What you are asked to do
Your answer must be an exact copy of the records below, with every picture left out.

Data shown
....

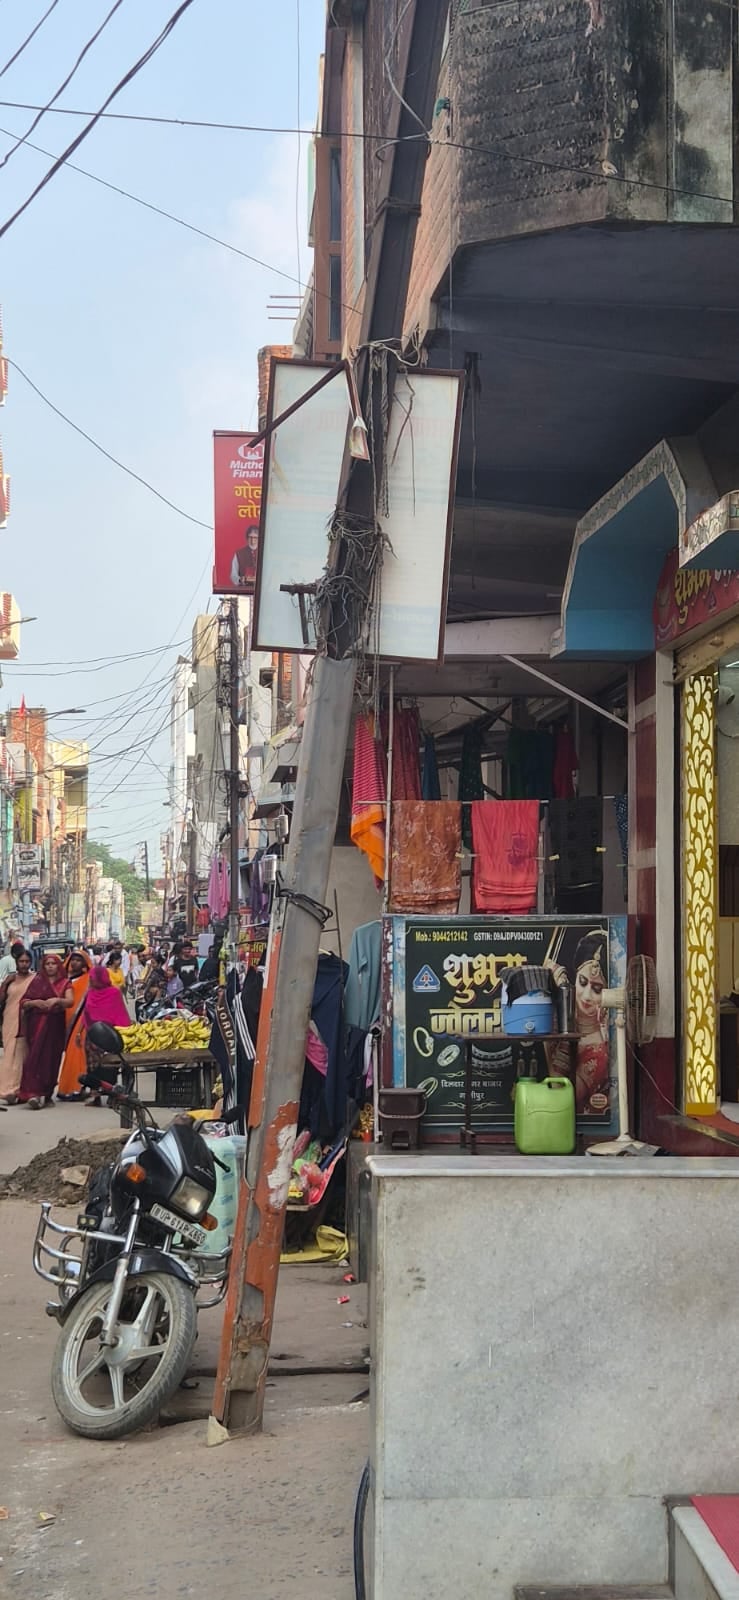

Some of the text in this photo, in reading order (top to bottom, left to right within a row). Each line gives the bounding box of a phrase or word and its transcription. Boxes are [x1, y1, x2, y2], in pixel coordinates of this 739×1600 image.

[230, 460, 263, 469] Mutho
[233, 469, 262, 478] Finan
[234, 480, 262, 499] गोल
[237, 499, 261, 518] लो
[473, 931, 492, 941] GSTIN:
[217, 1005, 236, 1056] JORDAN
[459, 1091, 485, 1101] गाीपुर
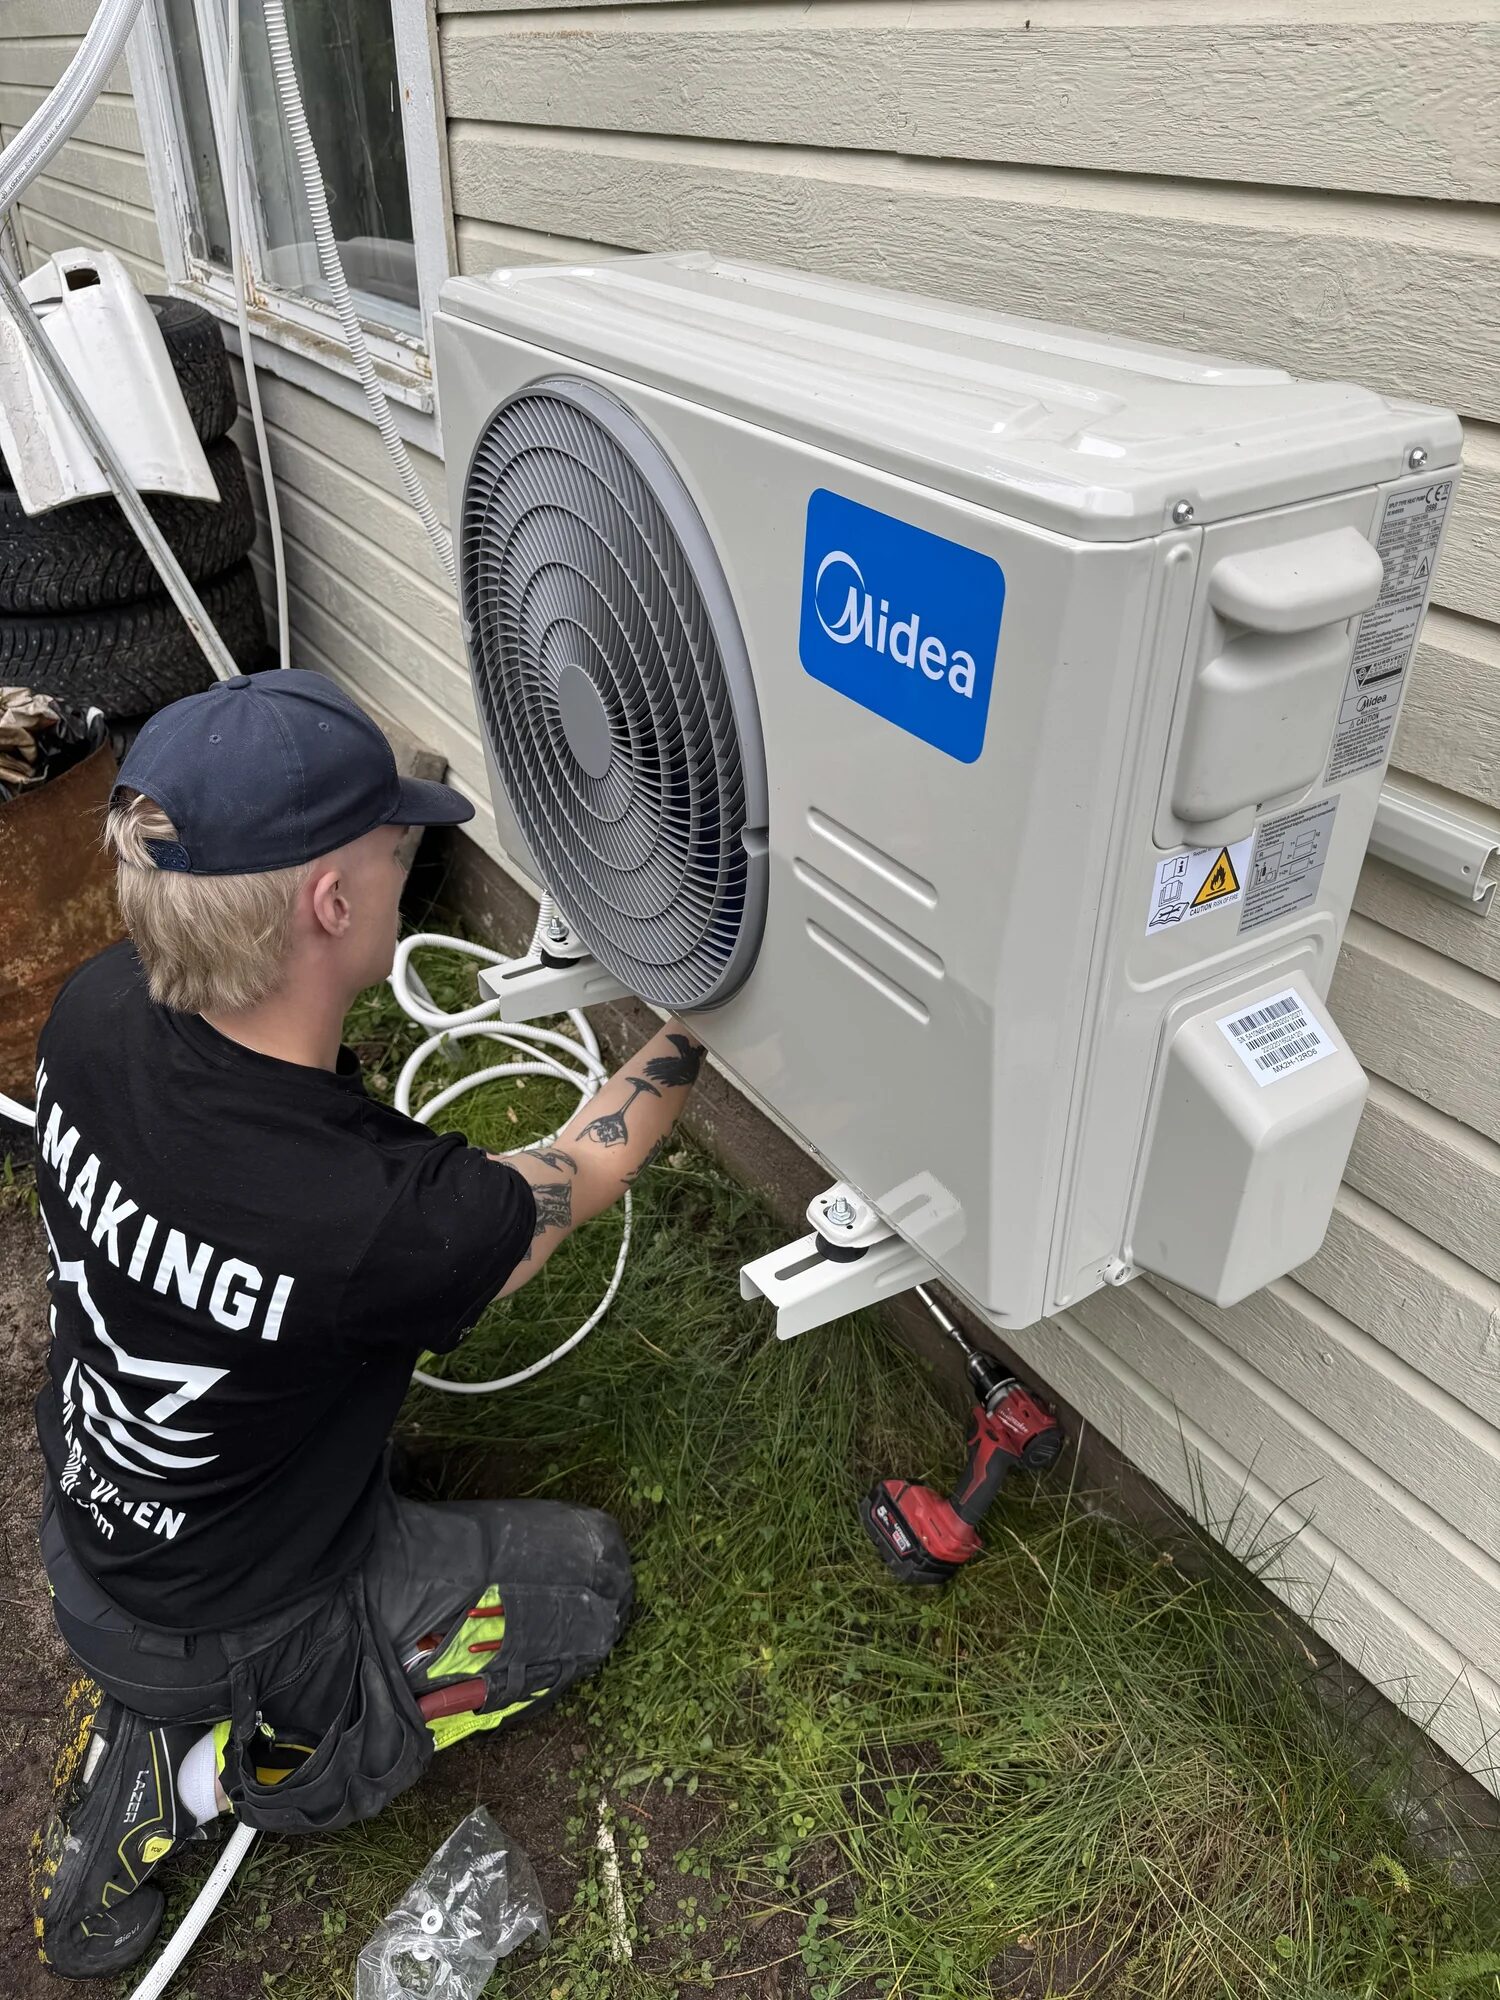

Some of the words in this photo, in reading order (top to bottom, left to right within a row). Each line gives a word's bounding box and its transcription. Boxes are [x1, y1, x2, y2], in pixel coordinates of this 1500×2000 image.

[815, 550, 976, 699] Midea
[1356, 694, 1387, 712] Midea
[1189, 902, 1213, 917] CAUTION
[123, 1769, 150, 1824] LAZER
[113, 1923, 141, 1948] Sievi

....

Written response
Some of the text in this photo, in reading order (top to bottom, left to right within a row). Each line gives the bounding box of a phrase or word and its transcription. Boxes are [x1, y1, x2, y2], in pixel coordinates of this 739×1600 image.

[230, 460, 263, 469] Mutho
[233, 469, 262, 478] Finan
[234, 480, 262, 499] गोल
[237, 499, 261, 518] लो
[473, 931, 492, 941] GSTIN:
[217, 1005, 236, 1056] JORDAN
[459, 1091, 485, 1101] गाीपुर

Some of the words in this photo, in reading order (top to bottom, left to right within a row). Each line gives a word's bounding box and its transcription. Boxes are [x1, y1, x2, y2], in pixel coordinates of this 1500×2000 image.

[815, 550, 976, 699] Midea
[1356, 694, 1387, 712] Midea
[1189, 902, 1213, 917] CAUTION
[123, 1769, 150, 1824] LAZER
[113, 1923, 141, 1948] Sievi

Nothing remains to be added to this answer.